A proposed 11% pay rise for MPs has been called “unacceptable” by Prime Minister David Cameron, who has not ruled out dropping the independent group responsible for the promised pay increase.
The pay increase was recommended by the Independent Parliamentary Standards Authority (Ipsa) – an independent body responsible for setting the salaries of some government employees. MPs’ salaries would be increased from £66,396 to £74,000 under the plan, which would cost taxpayers an estimated £4.6 million in total.
Political leaders from all parties have condemned the proposed increase, claiming that it would harm public confidence in politicians. Labour leader Ed Miliband was very critical of the pay rise, claiming that it would not “command public confidence” and suggesting that it would alienate voters from their political leaders.

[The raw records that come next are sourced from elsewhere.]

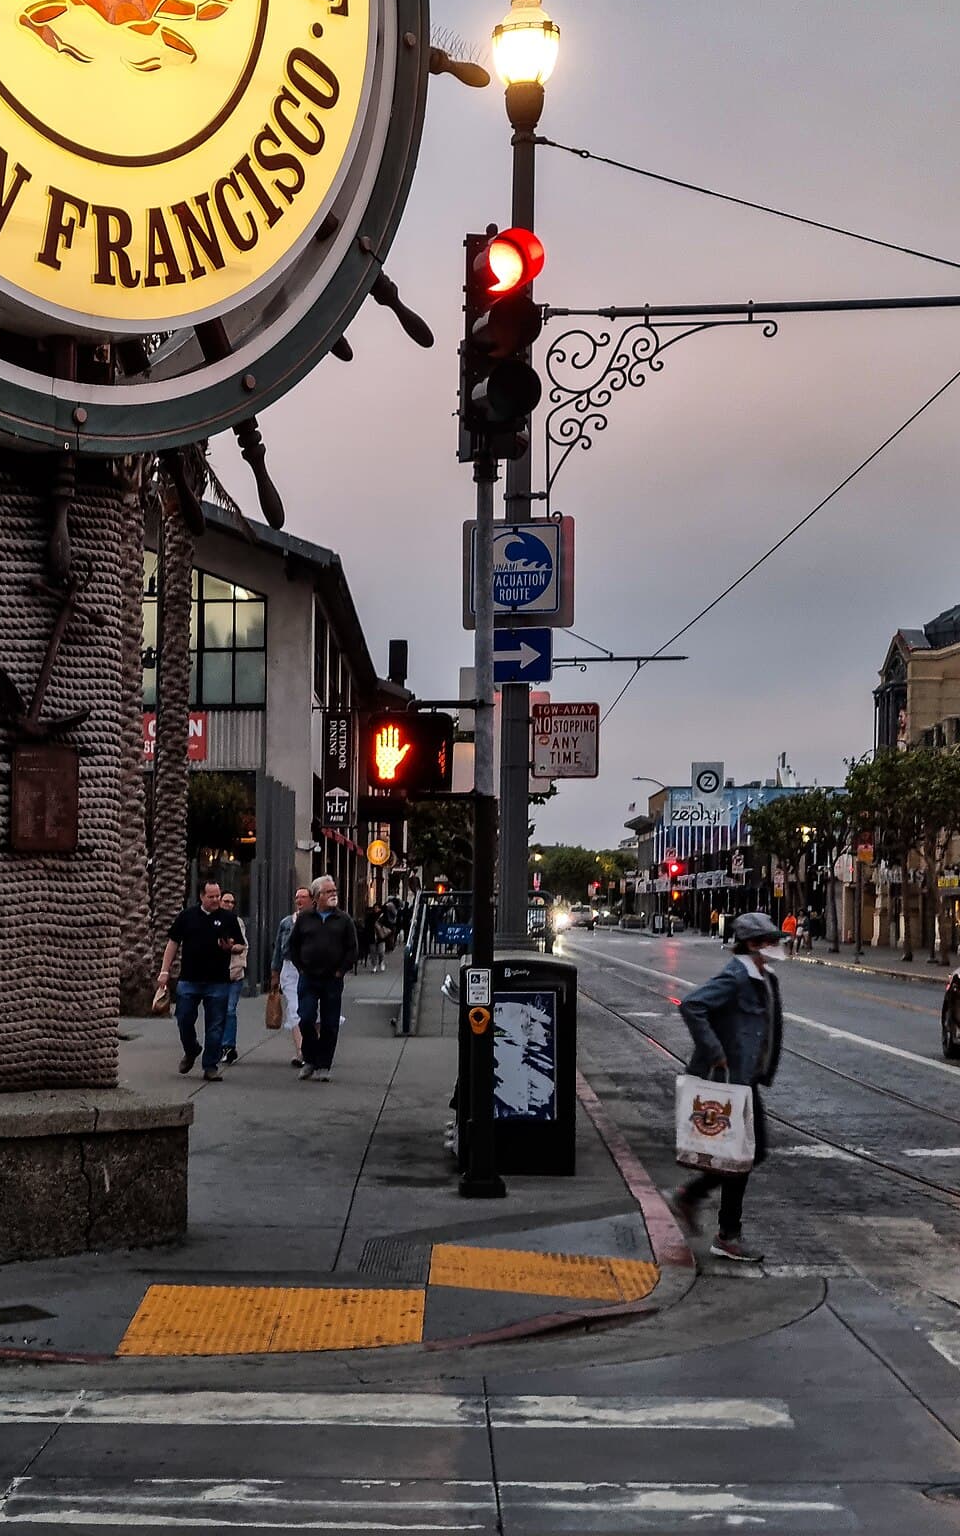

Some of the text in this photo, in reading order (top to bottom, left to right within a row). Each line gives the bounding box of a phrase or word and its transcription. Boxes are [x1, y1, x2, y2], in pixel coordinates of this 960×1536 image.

[38, 47, 338, 289] FRANCISCO
[499, 588, 531, 601] ROUTE
[538, 705, 594, 715] TOW-AWAY
[535, 716, 595, 733] NO STOPPING
[330, 720, 338, 756] DINING
[339, 719, 347, 769] OUTDOOR
[552, 737, 579, 749] ANY
[550, 751, 581, 764] TIME

During Prime Minister’s Questions, David Cameron claimed that he might be able to block the pay rise from occurring. Mr Cameron claimed that “an 11 per cent pay rise in one year at a time of pay restraint is simply unacceptable.” The Prime Minister is pressuring Ipsa to “rethink” its decision and cancel the proposed pay increase.

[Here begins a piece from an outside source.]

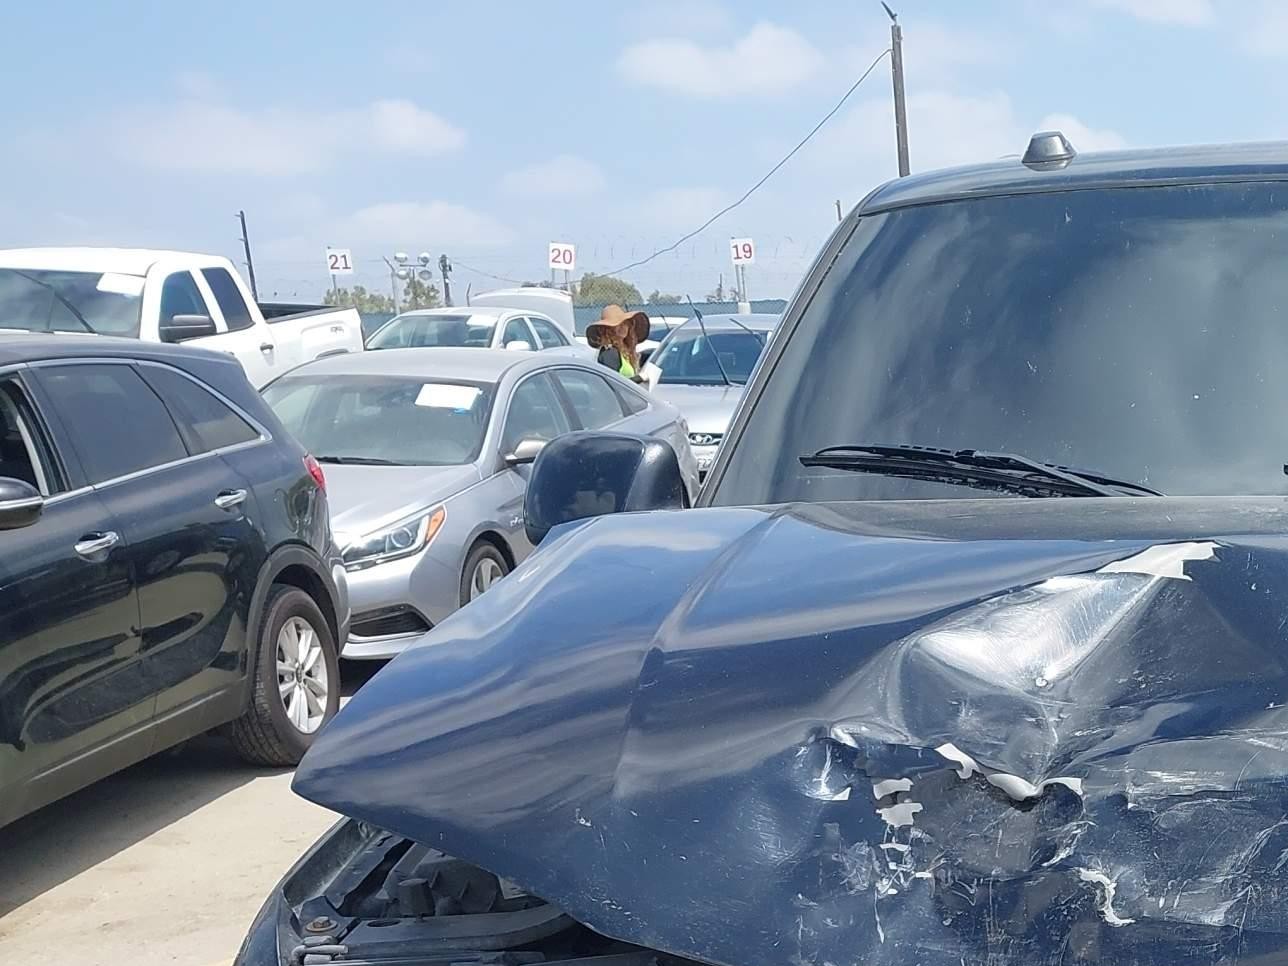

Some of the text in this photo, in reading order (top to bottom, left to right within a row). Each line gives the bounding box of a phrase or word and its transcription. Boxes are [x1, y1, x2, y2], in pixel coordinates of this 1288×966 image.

[551, 247, 573, 264] 20
[731, 242, 753, 260] 19
[328, 253, 352, 270] 21

Rises in living costs have affected millions of Britons, who spend more on petrol and energy than at any point in the past decade. At the same time, a downturn in private and public sector opportunities has forced many workers to take pay cuts and other compromises in their professional lives.
The proposed £74,000 salary for MPs is more than three times the average salary in the UK, fuelling complaints that politicians are compensated too generously while a large portion of the public deals with declining buying power. Leaders from all three parties are currently working on a solution to the “unacceptable” MP pay rise.